Il Tribunale, dunque, conformandosi all’indirizzo illustrato dalla Suprema Corte (Sez. IV, 18 gennaio 2013, n. 2762) impone, al dedotto fine di conferire valore sintomatico ai dati cognitivi raccolti de visu et auditu dalle forze dell’ordine, un quid pluris che renda maggiormente effettiva e concreta la ipotizzata situazione di attuale alterazione da assunzione di sostanze stupefacenti.
Tale elemento valutativo ulteriore viene individuato esemplificativamente in alcun paradigmi che possono riassumersi, tra gli altri, in “manovre di guida pericolose o irragionevoli, loquacità eccessiva, linguaggio sconnesso, etc.”.
La conclusione cui si deve addivenire è, dunque, nel senso di potere affermare che
- la dimostrazione di una precedente assunzione di stupefacenti non coincide necessariamente con uno stato di intossicazione attuale, tale da integrare la violazione dell’art. 187 CdS.

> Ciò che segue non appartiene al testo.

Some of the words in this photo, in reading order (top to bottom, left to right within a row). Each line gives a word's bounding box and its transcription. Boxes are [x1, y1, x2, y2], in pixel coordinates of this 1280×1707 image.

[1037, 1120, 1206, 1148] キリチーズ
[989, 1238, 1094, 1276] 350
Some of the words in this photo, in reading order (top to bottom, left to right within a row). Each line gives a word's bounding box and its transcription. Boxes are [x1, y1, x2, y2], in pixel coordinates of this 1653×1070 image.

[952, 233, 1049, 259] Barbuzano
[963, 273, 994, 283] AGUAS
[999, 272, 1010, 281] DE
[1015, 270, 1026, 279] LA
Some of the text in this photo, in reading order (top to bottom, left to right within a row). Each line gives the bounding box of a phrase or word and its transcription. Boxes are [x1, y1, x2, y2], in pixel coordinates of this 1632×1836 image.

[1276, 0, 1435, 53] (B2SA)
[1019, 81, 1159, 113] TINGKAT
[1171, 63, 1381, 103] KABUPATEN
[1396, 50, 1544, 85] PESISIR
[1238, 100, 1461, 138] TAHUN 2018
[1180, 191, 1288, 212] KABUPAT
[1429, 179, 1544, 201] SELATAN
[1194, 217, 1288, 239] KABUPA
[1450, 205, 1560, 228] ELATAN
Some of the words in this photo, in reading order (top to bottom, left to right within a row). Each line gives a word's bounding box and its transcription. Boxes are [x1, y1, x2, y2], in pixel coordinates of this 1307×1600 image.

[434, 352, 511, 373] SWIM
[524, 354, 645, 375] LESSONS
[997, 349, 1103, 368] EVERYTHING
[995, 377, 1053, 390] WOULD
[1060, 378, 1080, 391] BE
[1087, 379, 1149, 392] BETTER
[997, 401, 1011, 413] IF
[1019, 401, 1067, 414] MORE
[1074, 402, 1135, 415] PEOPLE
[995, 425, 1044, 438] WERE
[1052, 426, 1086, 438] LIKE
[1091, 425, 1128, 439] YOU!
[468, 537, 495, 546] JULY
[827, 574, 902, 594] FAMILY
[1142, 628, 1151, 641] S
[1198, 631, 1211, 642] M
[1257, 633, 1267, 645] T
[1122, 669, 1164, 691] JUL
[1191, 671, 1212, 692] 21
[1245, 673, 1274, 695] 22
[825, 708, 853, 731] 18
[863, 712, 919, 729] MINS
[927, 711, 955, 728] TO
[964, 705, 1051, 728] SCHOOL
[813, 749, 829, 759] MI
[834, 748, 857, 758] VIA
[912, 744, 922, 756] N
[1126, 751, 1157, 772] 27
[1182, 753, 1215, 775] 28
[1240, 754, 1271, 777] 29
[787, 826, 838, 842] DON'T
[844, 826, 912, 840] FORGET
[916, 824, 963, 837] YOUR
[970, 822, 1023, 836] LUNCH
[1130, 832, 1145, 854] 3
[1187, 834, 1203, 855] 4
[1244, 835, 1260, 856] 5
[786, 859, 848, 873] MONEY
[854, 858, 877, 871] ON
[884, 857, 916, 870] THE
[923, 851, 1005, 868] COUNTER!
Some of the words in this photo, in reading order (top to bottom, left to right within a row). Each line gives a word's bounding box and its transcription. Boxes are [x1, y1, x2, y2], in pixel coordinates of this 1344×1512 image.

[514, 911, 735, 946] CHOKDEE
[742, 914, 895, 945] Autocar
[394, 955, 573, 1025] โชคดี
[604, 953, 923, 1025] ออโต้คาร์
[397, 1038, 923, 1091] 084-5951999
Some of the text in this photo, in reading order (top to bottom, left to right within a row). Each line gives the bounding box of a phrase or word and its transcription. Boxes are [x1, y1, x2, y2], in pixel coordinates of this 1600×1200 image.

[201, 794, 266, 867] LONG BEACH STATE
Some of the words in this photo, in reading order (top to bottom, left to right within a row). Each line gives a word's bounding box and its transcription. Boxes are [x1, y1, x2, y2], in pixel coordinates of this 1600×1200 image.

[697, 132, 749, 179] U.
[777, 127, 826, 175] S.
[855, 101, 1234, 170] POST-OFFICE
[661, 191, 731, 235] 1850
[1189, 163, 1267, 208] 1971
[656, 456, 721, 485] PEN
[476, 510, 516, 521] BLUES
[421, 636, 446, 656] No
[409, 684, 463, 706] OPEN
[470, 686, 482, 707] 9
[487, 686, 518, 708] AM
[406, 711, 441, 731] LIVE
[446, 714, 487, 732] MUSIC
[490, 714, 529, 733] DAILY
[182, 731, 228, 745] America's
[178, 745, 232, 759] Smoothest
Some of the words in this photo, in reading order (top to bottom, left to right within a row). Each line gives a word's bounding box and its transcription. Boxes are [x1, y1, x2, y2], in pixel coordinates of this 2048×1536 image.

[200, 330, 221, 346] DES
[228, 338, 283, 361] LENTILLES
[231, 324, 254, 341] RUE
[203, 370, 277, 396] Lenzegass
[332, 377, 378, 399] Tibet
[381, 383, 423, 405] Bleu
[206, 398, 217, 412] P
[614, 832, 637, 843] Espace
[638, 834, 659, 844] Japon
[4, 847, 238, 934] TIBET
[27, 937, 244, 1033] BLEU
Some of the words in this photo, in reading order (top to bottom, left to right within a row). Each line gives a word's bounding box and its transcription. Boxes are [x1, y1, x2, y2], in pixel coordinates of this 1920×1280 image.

Si tratta, quindi, di situazioni che possono verificarsi tra loro in modo differente ed indipendente; - la prova della sussistenza di uno stato di intossicazione, che configuri il reato di cui all’art. 187 CdS, può essere desunta in due modi
- attraverso lo specifico esame ematico, che, di per sé, è idoneo a superare qualsiasi dubbio,
- attraverso anche il solo esame dei liquidi biologici, purchè esso venga supportato da inequivoche rappresentazioni testimoniali, che si fondino su riferimenti individualizzanti, le quali risultino idonee a certificare l’attualità e la persistenza di effetti alterativi, propri di un’assunzione di stupefacenti recentissima.